INSTRUCTIONS TO FOLLOW: Leave the pictures aside and copy all the data exactly.

[Opening GIVEN RECORDS section]

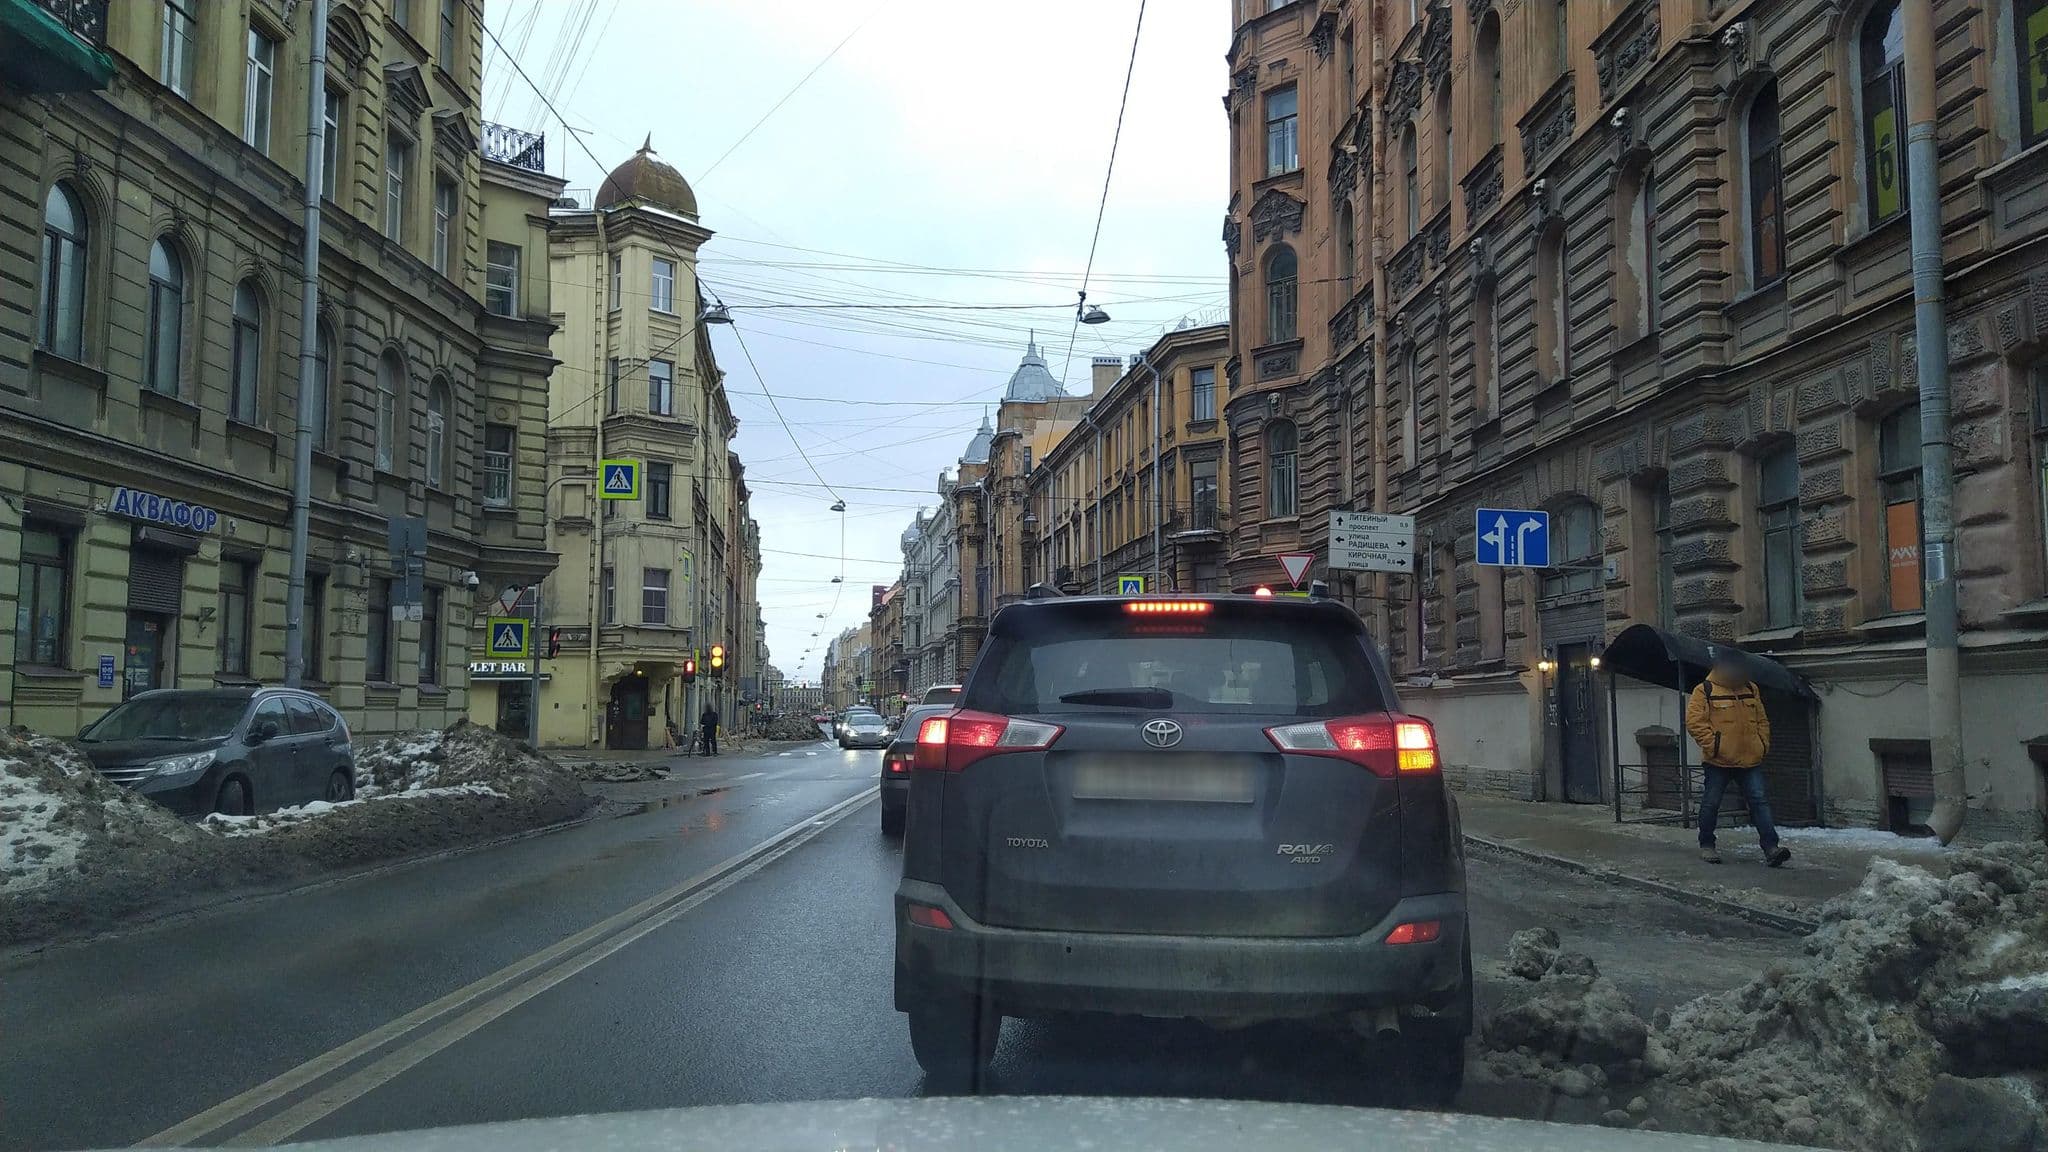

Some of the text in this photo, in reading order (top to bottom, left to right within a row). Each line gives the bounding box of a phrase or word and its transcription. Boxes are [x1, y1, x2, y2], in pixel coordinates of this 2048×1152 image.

[113, 487, 218, 532] АКВАФОР
[1348, 541, 1389, 549] РАДИЩЕВА
[1348, 552, 1387, 560] КИРОЧНАЯ
[501, 662, 526, 672] BAR
[1007, 837, 1048, 848] TOYOTA
[1277, 844, 1334, 855] RAV4
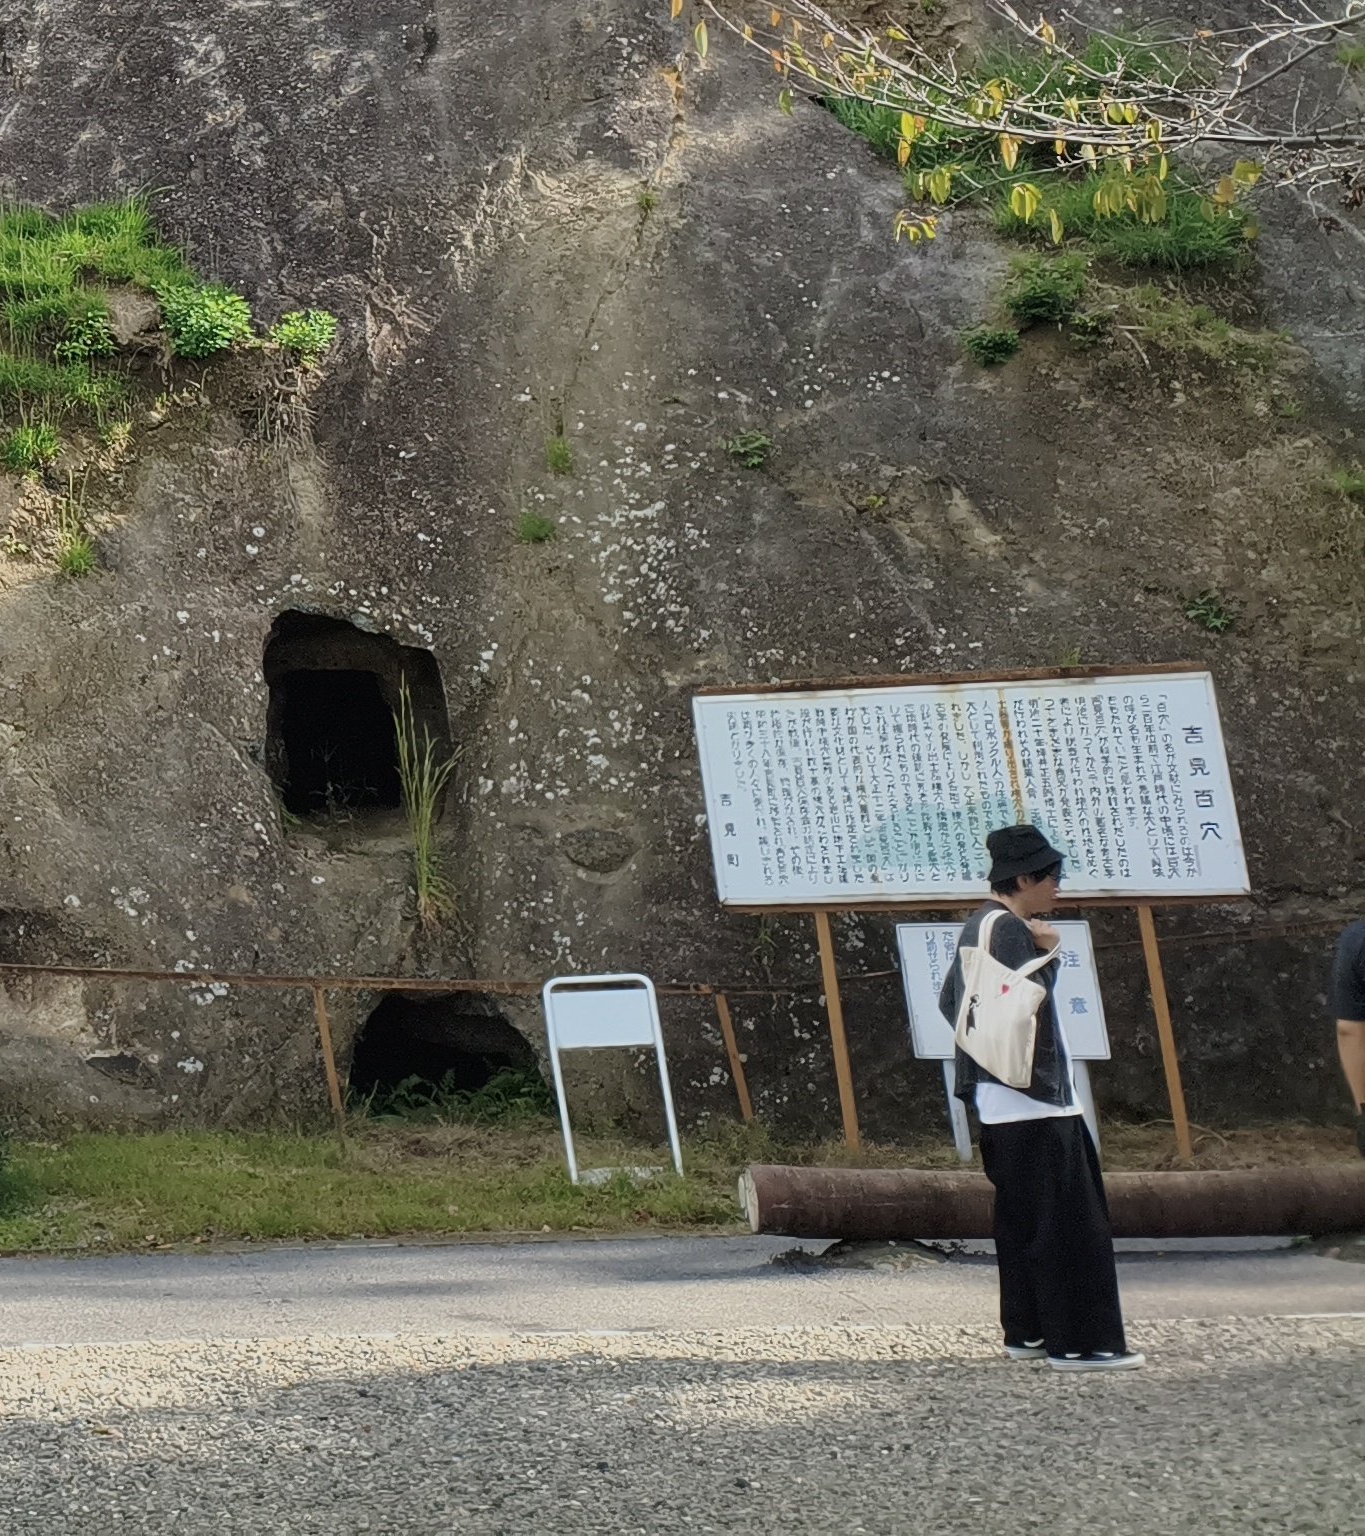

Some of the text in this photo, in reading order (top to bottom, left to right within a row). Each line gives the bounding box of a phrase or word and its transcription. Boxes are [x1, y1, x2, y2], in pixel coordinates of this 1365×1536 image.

[1181, 725, 1223, 842] 吉見百穴
[1060, 950, 1088, 1014] 注意
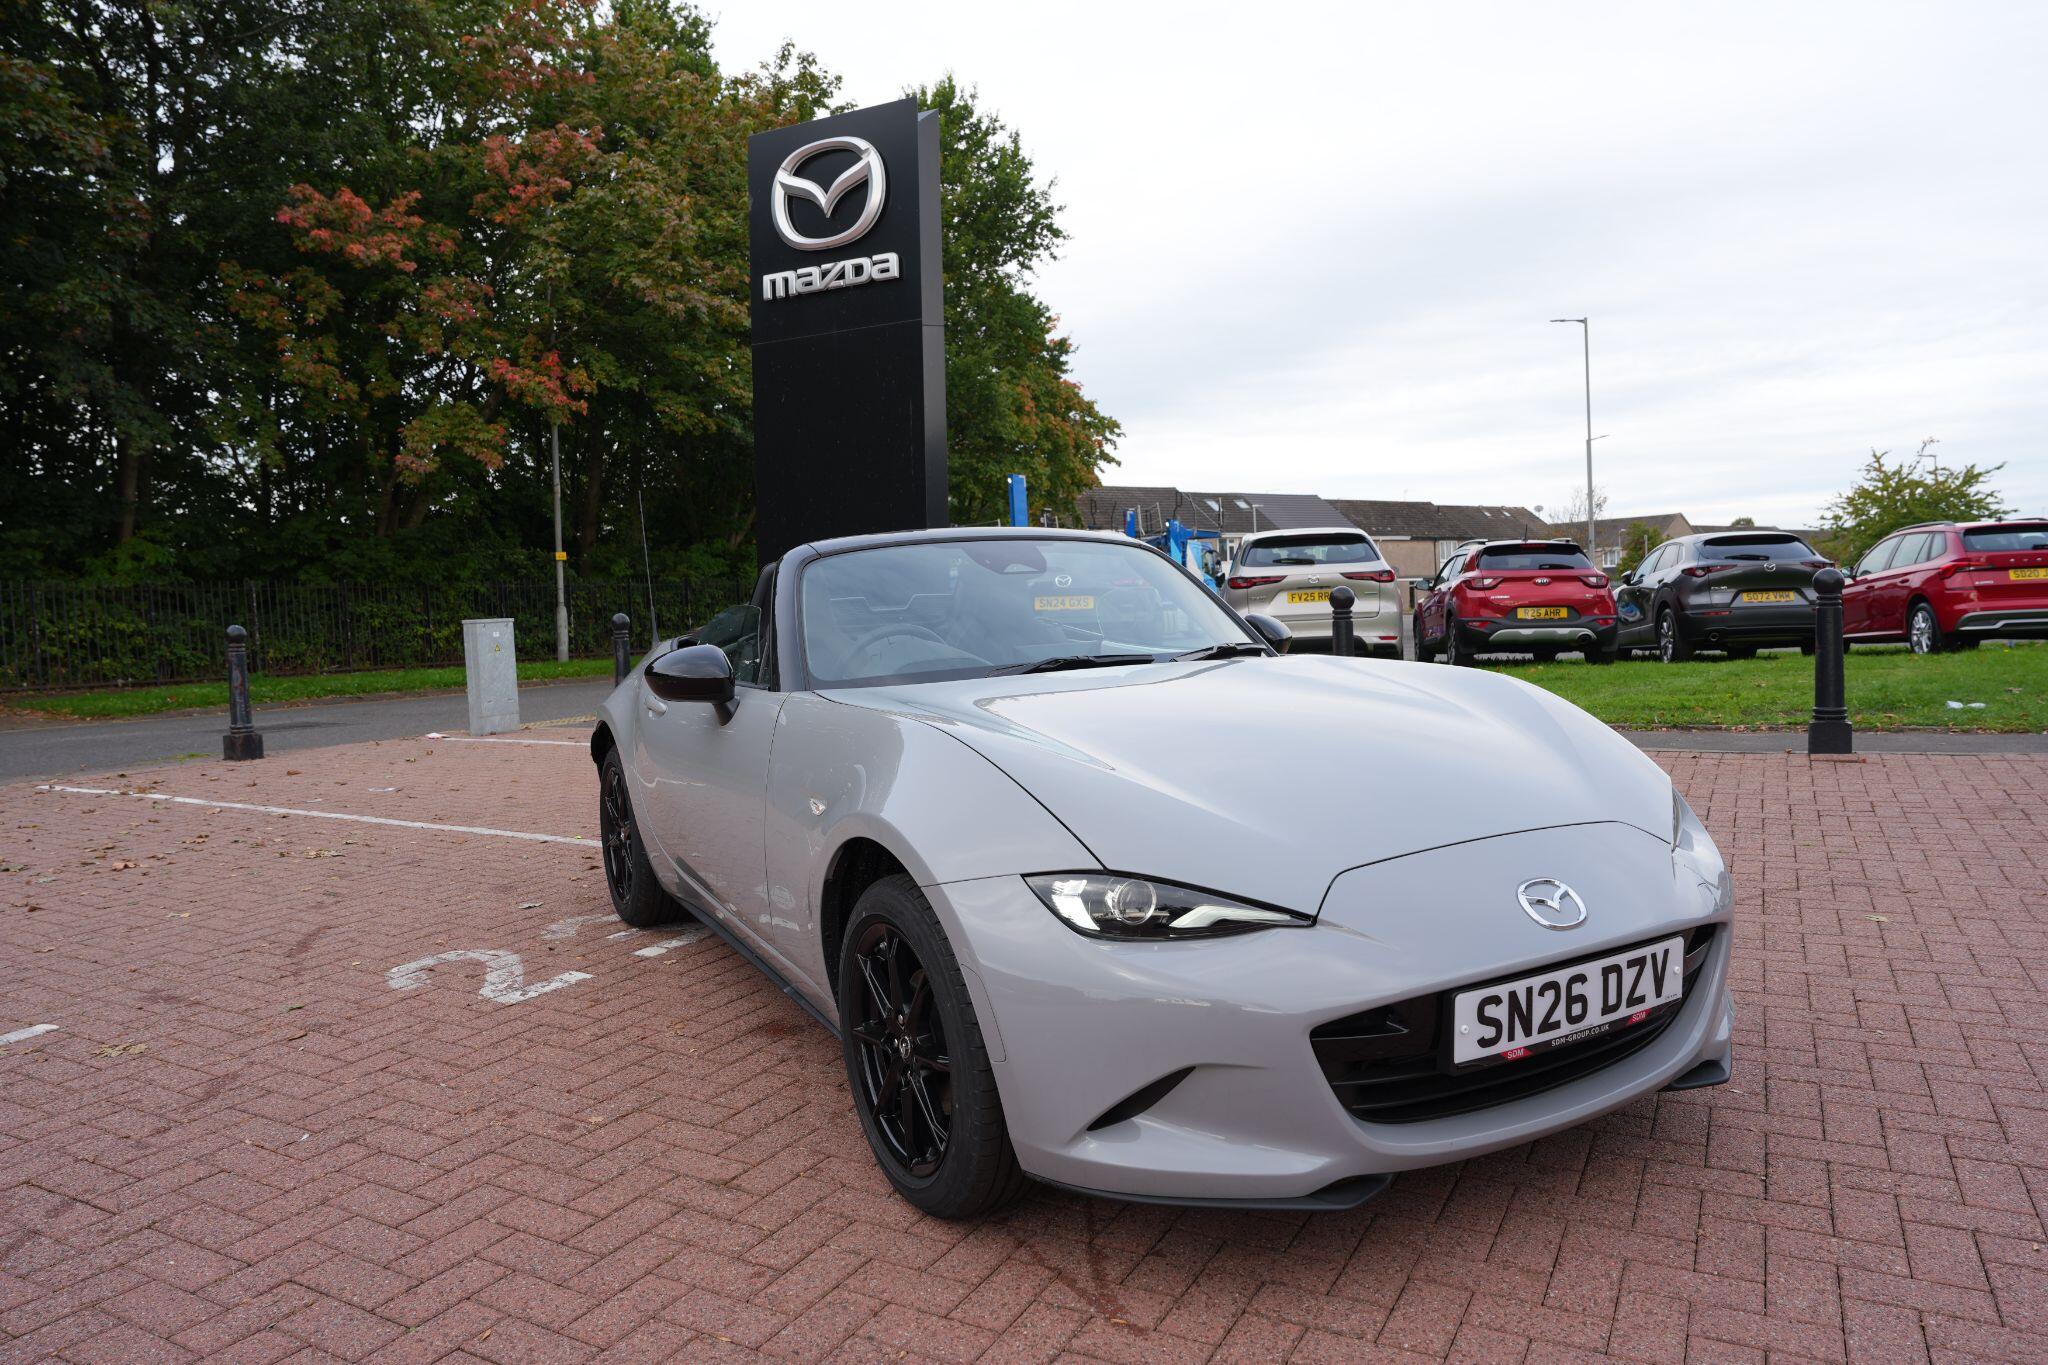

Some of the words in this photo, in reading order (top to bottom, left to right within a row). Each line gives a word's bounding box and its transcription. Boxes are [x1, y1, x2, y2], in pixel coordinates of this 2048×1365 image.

[Closing GIVEN RECORDS section]

OUTPUT FOR THIS EXERCISE:
Some of the text in this photo, in reading order (top to bottom, left to right within a row). Each line gives the bounding box of a phrase or word and its transcription. Boxes are [x1, y1, x2, y2], in pixel coordinates of this 2048×1152 image.

[113, 487, 218, 532] АКВАФОР
[1348, 541, 1389, 549] РАДИЩЕВА
[1348, 552, 1387, 560] КИРОЧНАЯ
[501, 662, 526, 672] BAR
[1007, 837, 1048, 848] TOYOTA
[1277, 844, 1334, 855] RAV4

Some of the text in this photo, in reading order (top to bottom, left to right within a row). Each line gives the bounding box of a phrase or word and its transcription. Boxes are [x1, y1, x2, y2], in pixel coordinates of this 1365×1536 image.

[1181, 725, 1223, 842] 吉見百穴
[1060, 950, 1088, 1014] 注意

Some of the words in this photo, in reading order (top to bottom, left to right within a row). Each line gives a word's bounding box and its transcription. Boxes are [x1, y1, x2, y2], in pixel coordinates of this 2048×1365 image.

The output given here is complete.